◆ Assignment
Reproduce exactly the lines of this material that begin at the line with "Some of the words" and end at the line with "this 1012×1350 image.", both included. Omit the pictures and everything else.

◆ Source data
....

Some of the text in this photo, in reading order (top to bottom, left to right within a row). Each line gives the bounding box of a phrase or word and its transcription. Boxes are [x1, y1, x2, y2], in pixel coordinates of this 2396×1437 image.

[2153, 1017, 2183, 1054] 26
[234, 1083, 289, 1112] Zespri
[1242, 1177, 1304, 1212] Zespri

....

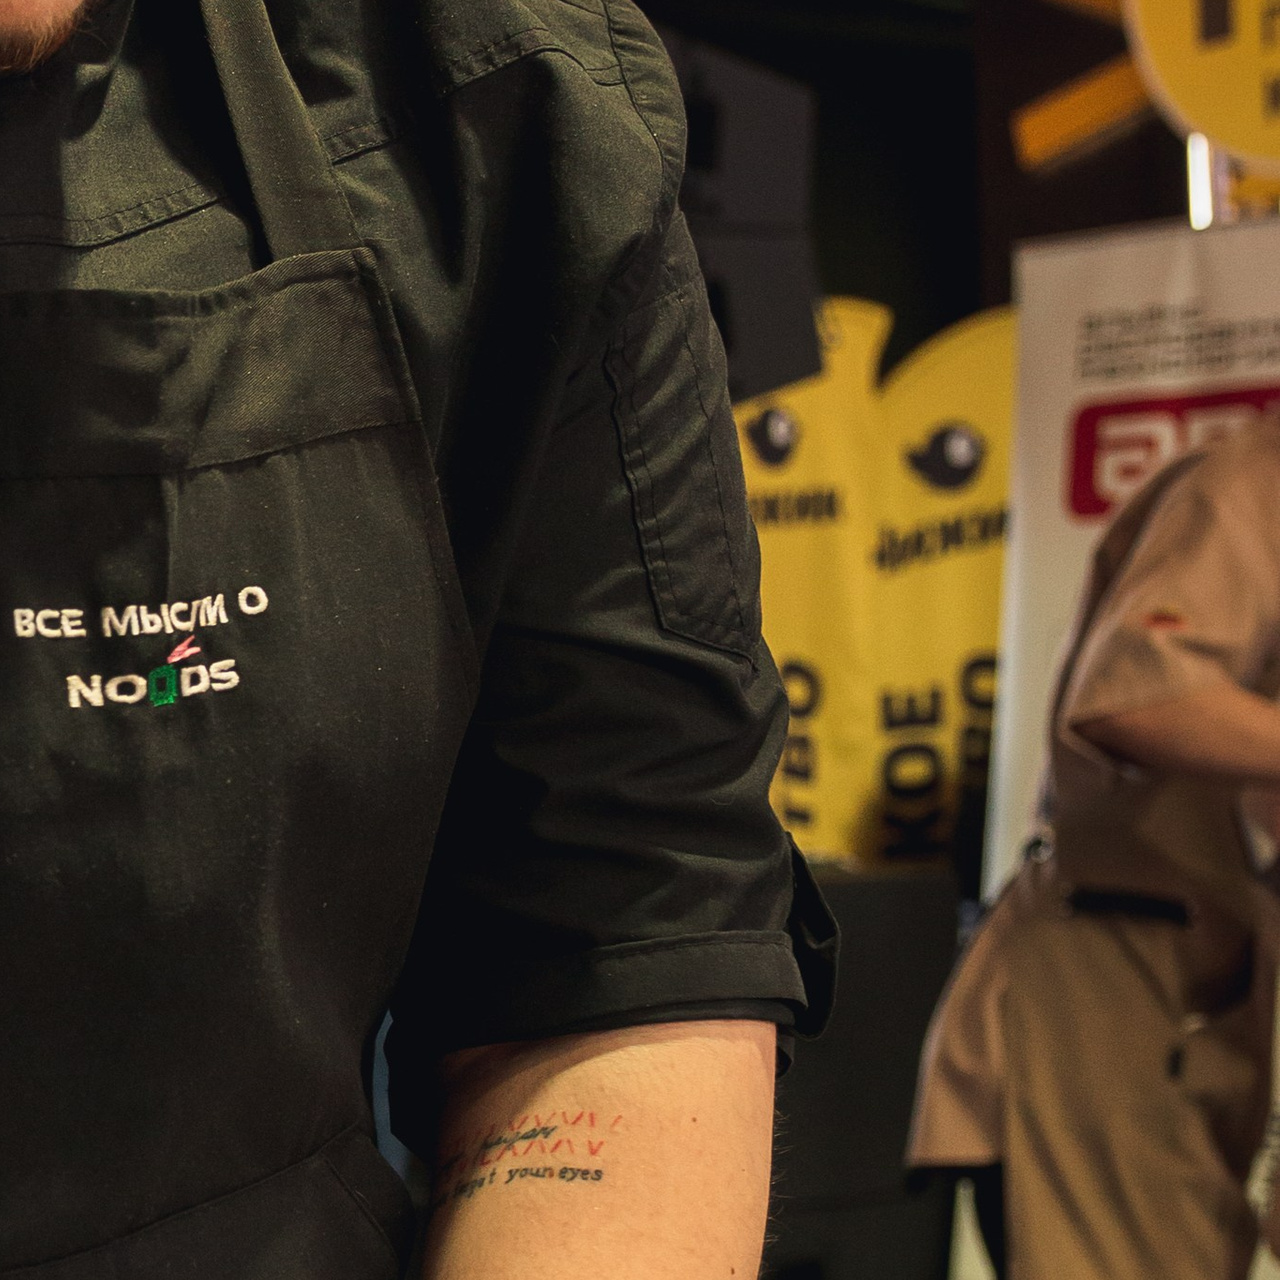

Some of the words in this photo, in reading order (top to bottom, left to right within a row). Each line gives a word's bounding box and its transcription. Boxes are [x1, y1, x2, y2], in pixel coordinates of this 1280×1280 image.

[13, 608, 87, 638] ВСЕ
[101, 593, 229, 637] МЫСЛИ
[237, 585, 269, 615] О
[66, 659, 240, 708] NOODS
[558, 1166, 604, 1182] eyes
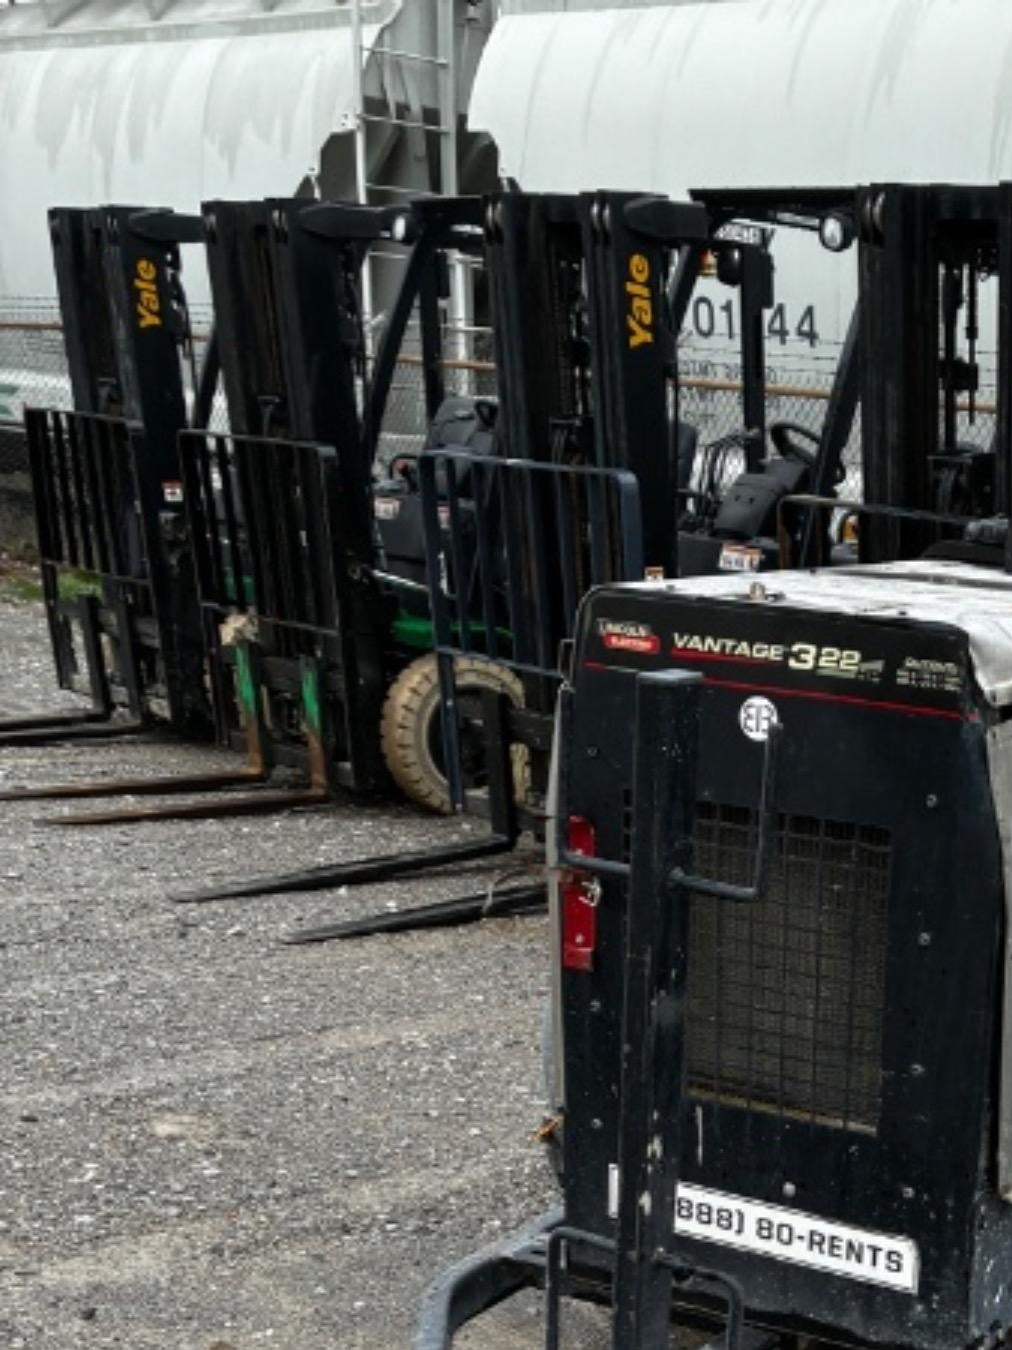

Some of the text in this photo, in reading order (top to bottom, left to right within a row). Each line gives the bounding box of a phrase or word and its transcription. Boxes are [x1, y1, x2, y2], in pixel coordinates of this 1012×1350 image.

....

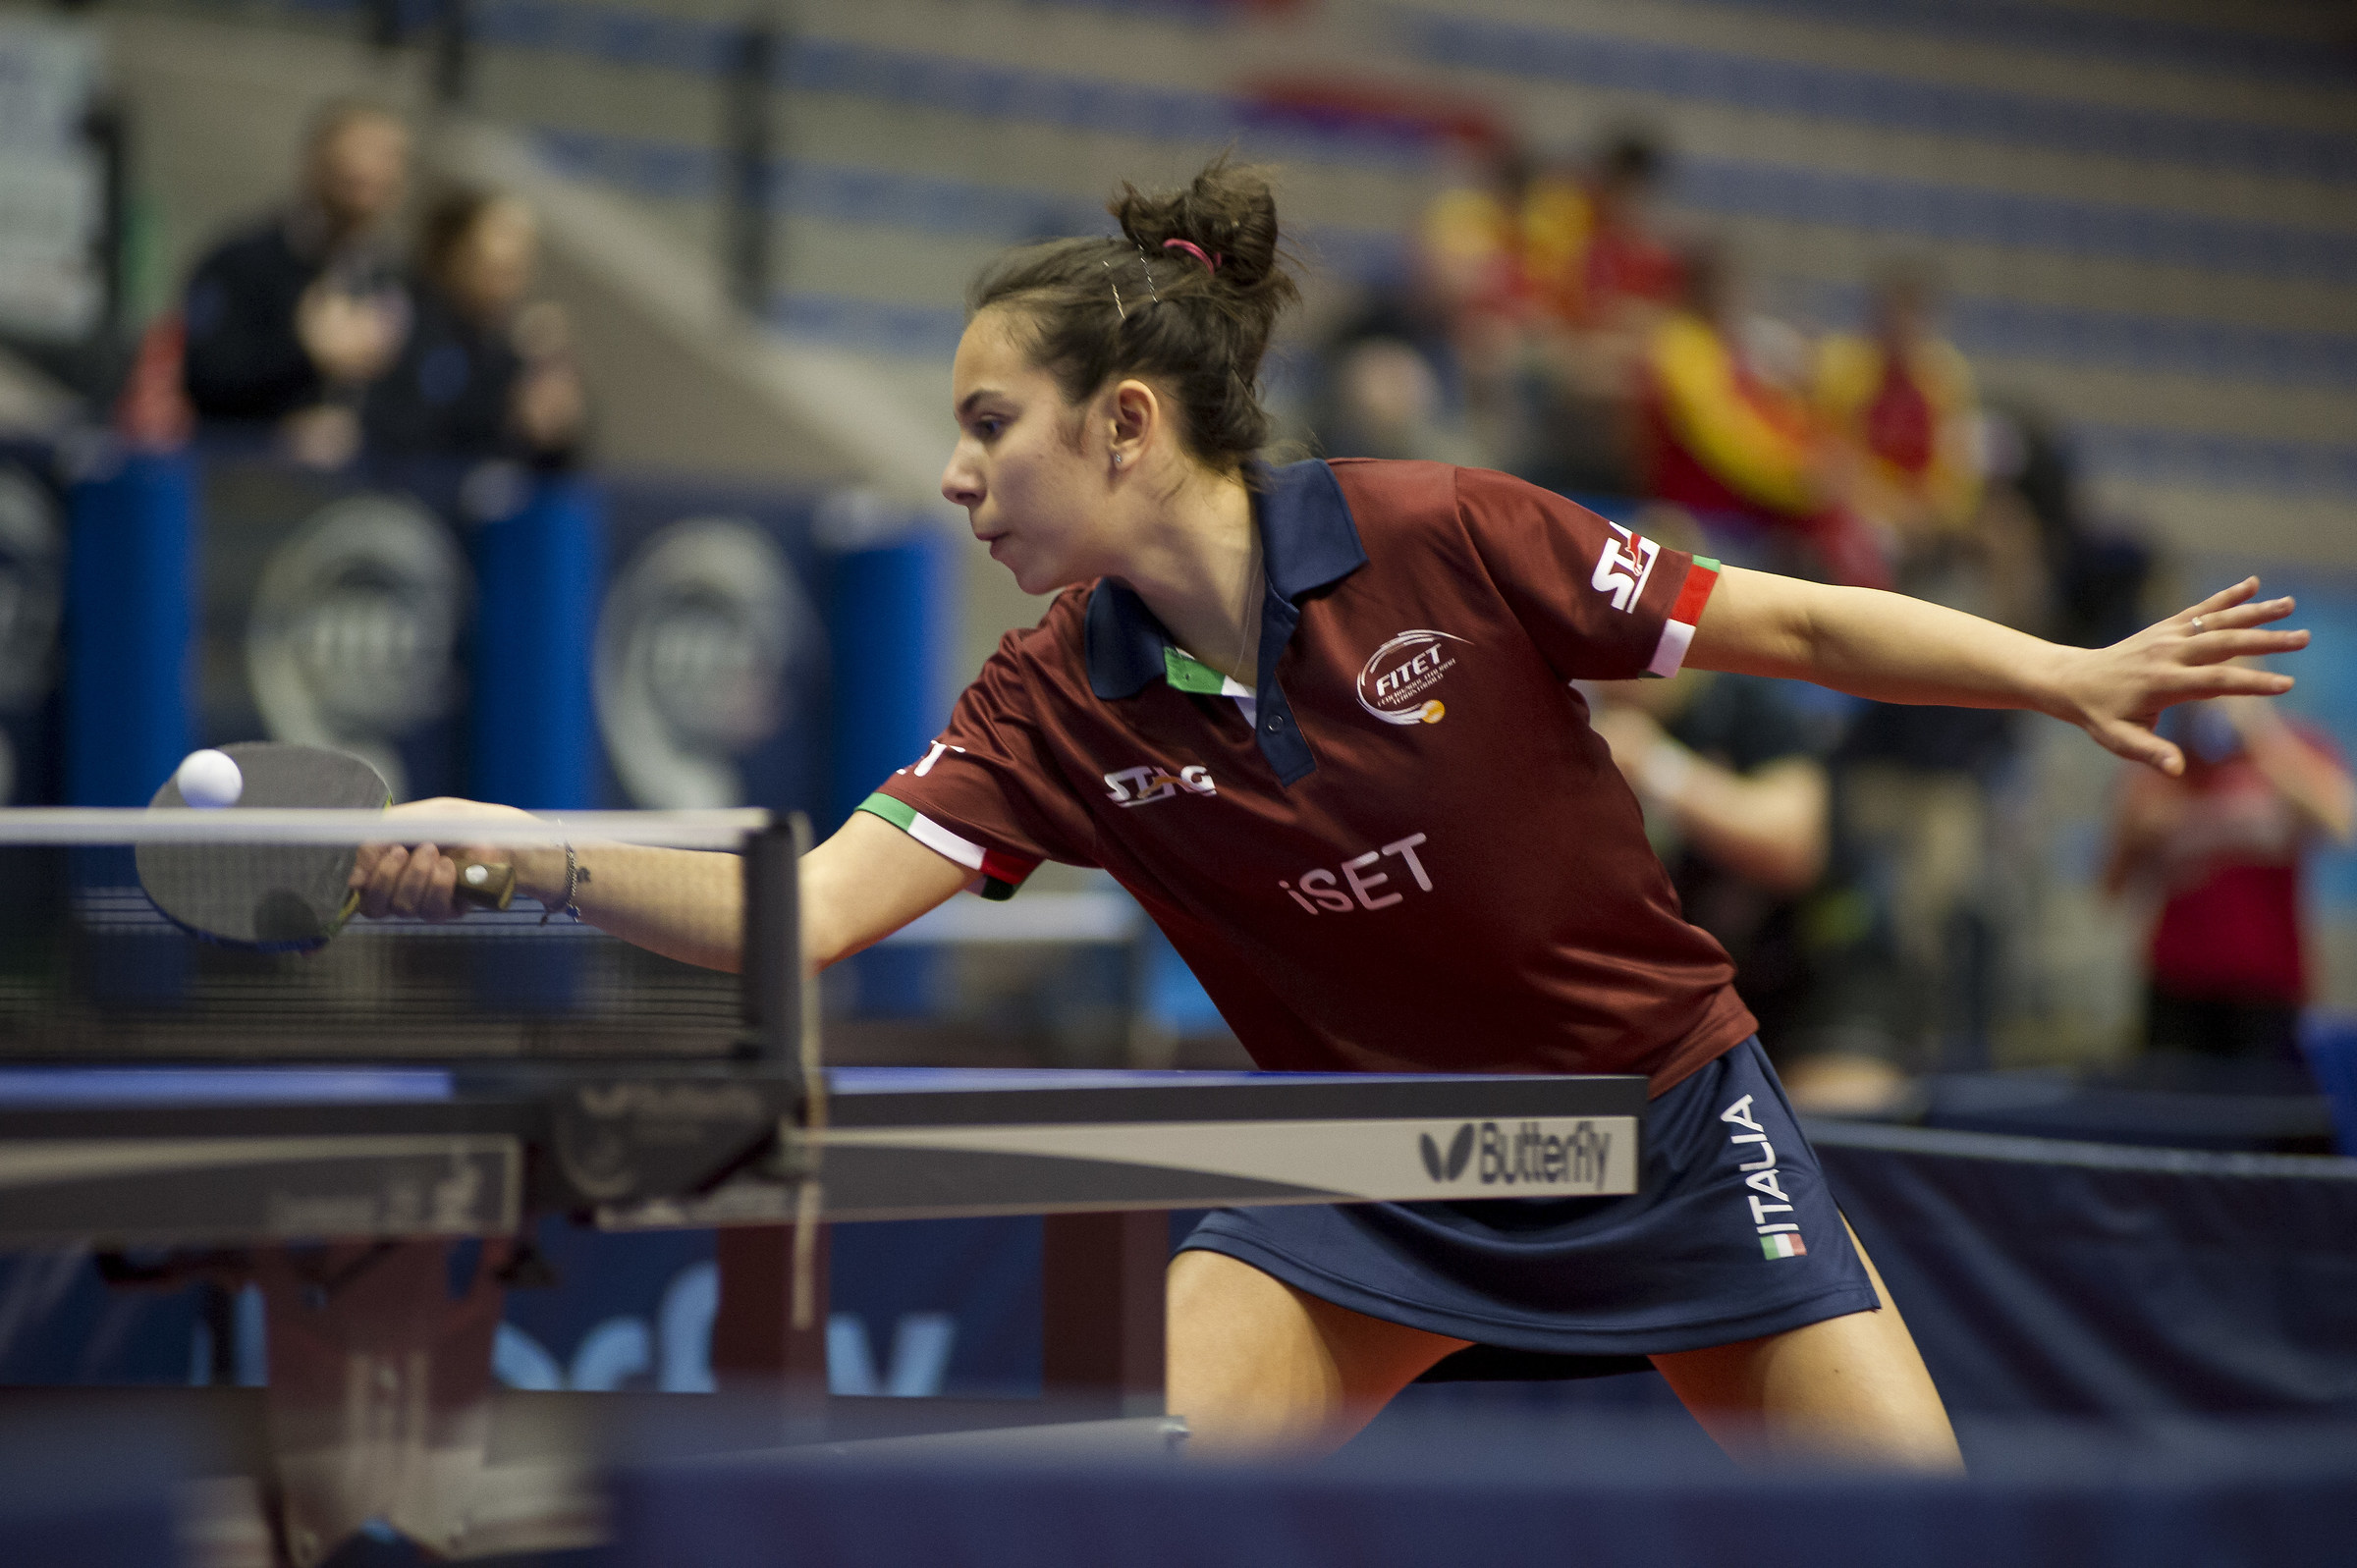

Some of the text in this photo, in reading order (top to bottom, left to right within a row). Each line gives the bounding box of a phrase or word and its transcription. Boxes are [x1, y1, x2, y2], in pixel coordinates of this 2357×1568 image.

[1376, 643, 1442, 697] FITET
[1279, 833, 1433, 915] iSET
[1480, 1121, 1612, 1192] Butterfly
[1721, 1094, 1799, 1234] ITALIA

....

◆ Answer
Some of the words in this photo, in reading order (top to bottom, left to right within a row). Each line gives a word's bounding box and its transcription. Boxes are [x1, y1, x2, y2], in pixel coordinates of this 1280×1280 image.

[13, 608, 87, 638] ВСЕ
[101, 593, 229, 637] МЫСЛИ
[237, 585, 269, 615] О
[66, 659, 240, 708] NOODS
[558, 1166, 604, 1182] eyes

Some of the text in this photo, in reading order (top to bottom, left to right within a row). Each line gives the bounding box of a phrase or word and its transcription. Boxes are [x1, y1, x2, y2], in pixel coordinates of this 1012×1350 image.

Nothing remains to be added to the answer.